Wo ein KVM hilft und wo nicht
Ein KVM teilt einen Monitor, eine Tastatur und eine Maus zwischen beiden Maschinen. Ein Knopf schaltet um. Für die Stunden, in denen du das Ding aufbaust, ist er wirklich gut. Du bekommst die volle Ansicht der Maschine, an der du gerade arbeitest, und keine zweite Tastatur auf dem Tisch. Im Match bringt er nichts, denn der ganze Sinn besteht darin, beide gleichzeitig zu sehen. Er ist außerdem ein Gerät mehr im Videopfad. Und damit ein Verdächtiger mehr an dem Tag, an dem ein Bildschirm schwarz bleibt. Kauf ihn für die Einrichtungsphase. Und behalte ein direktes Kabel für den Tag, an dem du ihn umgehen musst.
Die Ergonomie, die alle falsch machen
- Ein Radar-Panel, das zu hoch oder zu weit weg steht – es gehört tief und nah, direkt unter die Unterkante des Hauptmonitors, nach oben gekippt
- Der Zweit-PC auf dem Boden unter dem Tisch, wo das USB-Kabel straff gespannt ist und der Lufteinlass Teppichstaub frisst
- Ein Mini-PC, der an eine Wand geschoben oder hinter einen Monitorfuß geklemmt wird, ohne Platz für seine eigene Abluft
- Eine zweite Tastatur und Maus, die den besten Platz auf dem Tisch belegen, für eine Maschine, die du zweimal die Woche anfasst
- Beide Maschinen und beide Monitore an einer überlasteten Steckdosenleiste, hinter dem Tisch, unerreichbar
- Die Abluft des Zweit-PCs zeigt direkt in den Lufteinlass des Gaming-PCs
Auf den ersten Punkt entfallen die meisten Klagen darüber, dass ein Radar schwer zu benutzen sei. Ein Radar, für das du den Kopf bewegen musst, ist ein Radar, das du unter Druck nicht mehr liest. Schieb dasselbe Panel fünfzehn Zentimeter tiefer und näher, und das Problem verschwindet. Der Rest sind Varianten eines einzigen Fehlers: Die zweite Maschine wird als Möbelstück behandelt und nicht als Computer. Sie braucht Luft, Strom und ein Kabel, an das du herankommst.
Wärme, Strom und die langweiligen Teile
Zwei Maschinen auf einer Fläche bedeuten zwei Wärmequellen und zwei Stromverbraucher in einem Raum, der für eine ausgelegt war. Gib dem Zweit-PC seinen eigenen Platz zum Ansaugen. Halte seine Abluft vom Gaming-PC fern. Häng beide an Strom, den du schalten kannst, ohne zu kriechen.
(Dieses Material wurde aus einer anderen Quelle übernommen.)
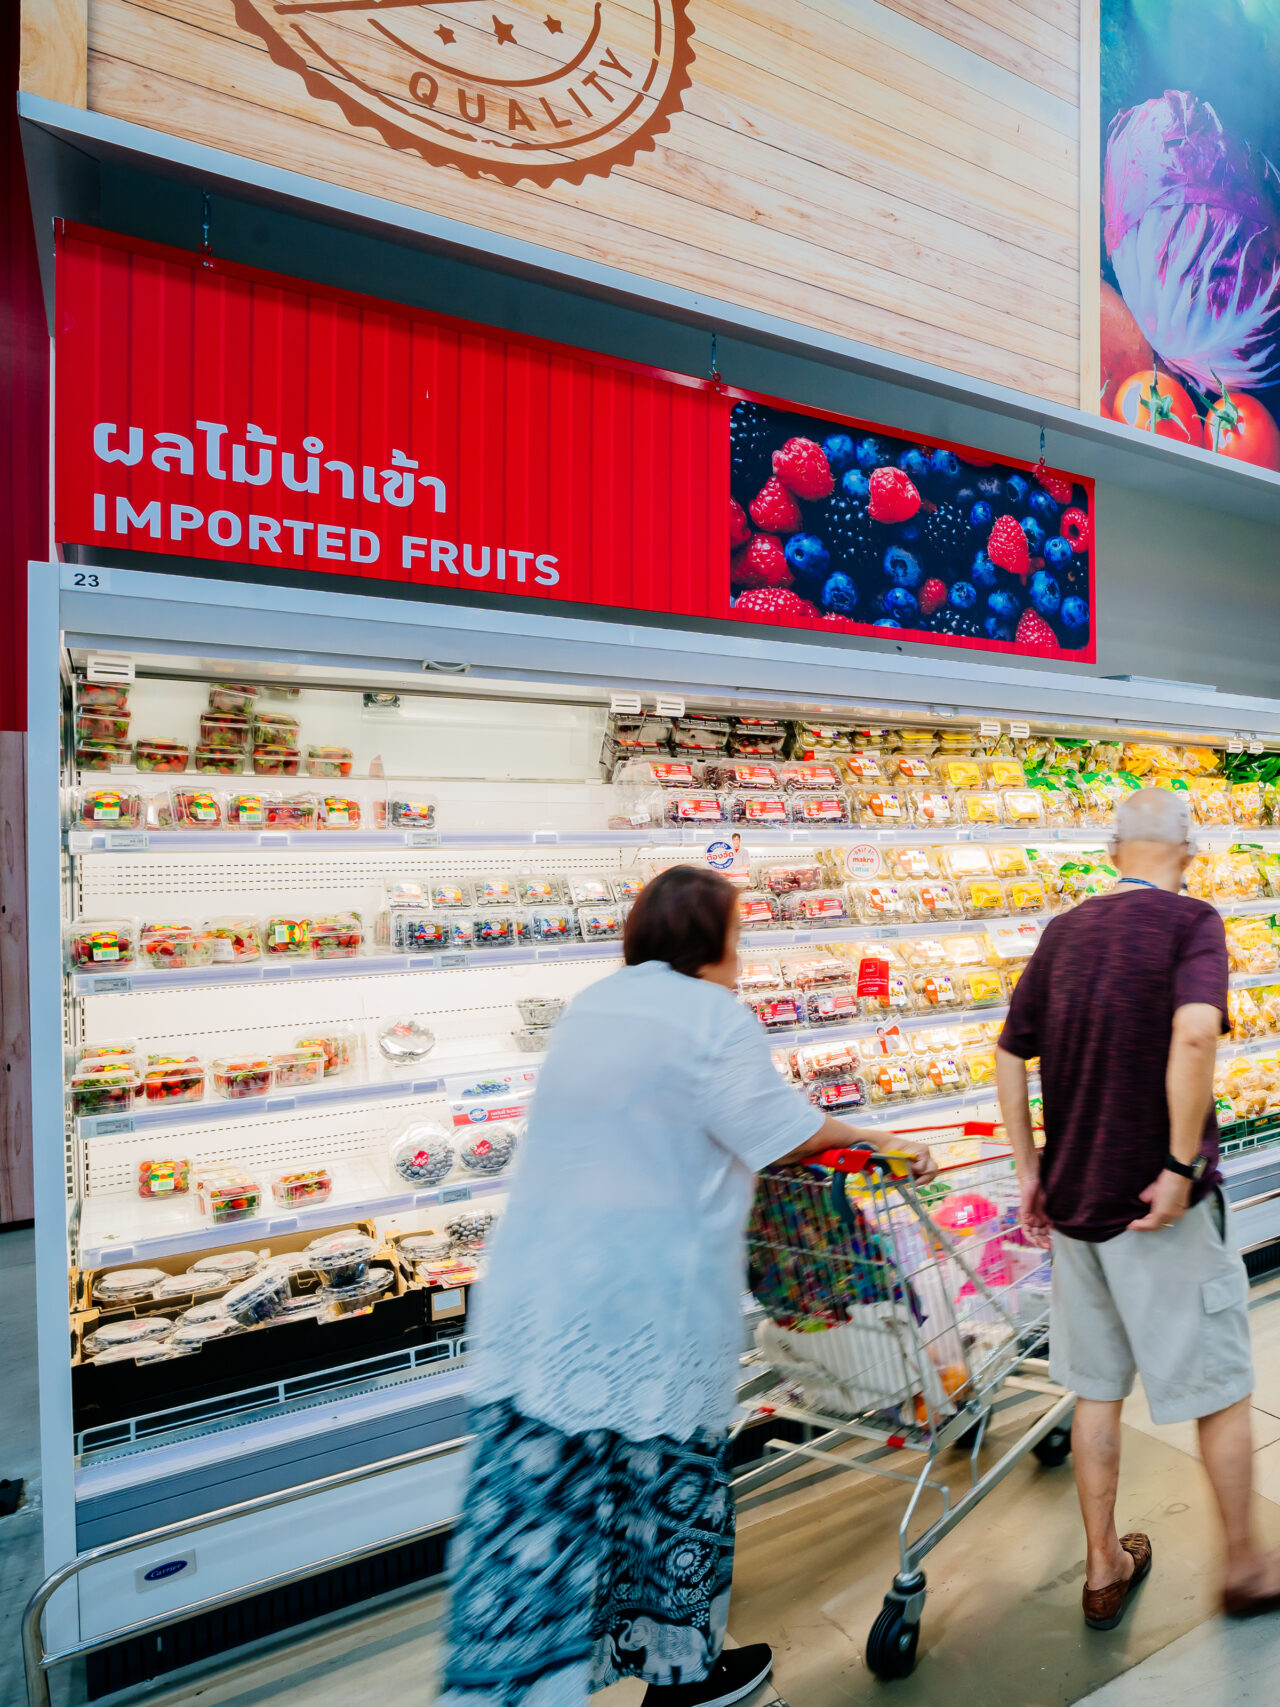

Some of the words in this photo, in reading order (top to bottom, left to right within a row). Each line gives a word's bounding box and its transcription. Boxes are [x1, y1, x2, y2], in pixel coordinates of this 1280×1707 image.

Plan auch ein vollständiges Herunterfahren des Gaming-PCs mit ein. Das ist die Standardlösung für eine hängende Karte, und die kommt öfter vor, als Einsteiger erwarten. Der Netzschalter sollte also erreichbar sein, ohne den Schreibtisch auseinanderzunehmen. Und jedes Kabel, das du vielleicht neu stecken musst, ebenso.
Sobald vier oder fünf USB-Kabel hinten aus dem Gaming-PC kommen, sind sie nicht mehr zu unterscheiden. Das entscheidende ist das, das du zwischen Flash-Port und Datenport umsteckst. Ein Streifen Klebeband an jedem Ende macht aus zehn Minuten Kriechen eine Sache von fünf Sekunden. Und das jedes einzelne Mal.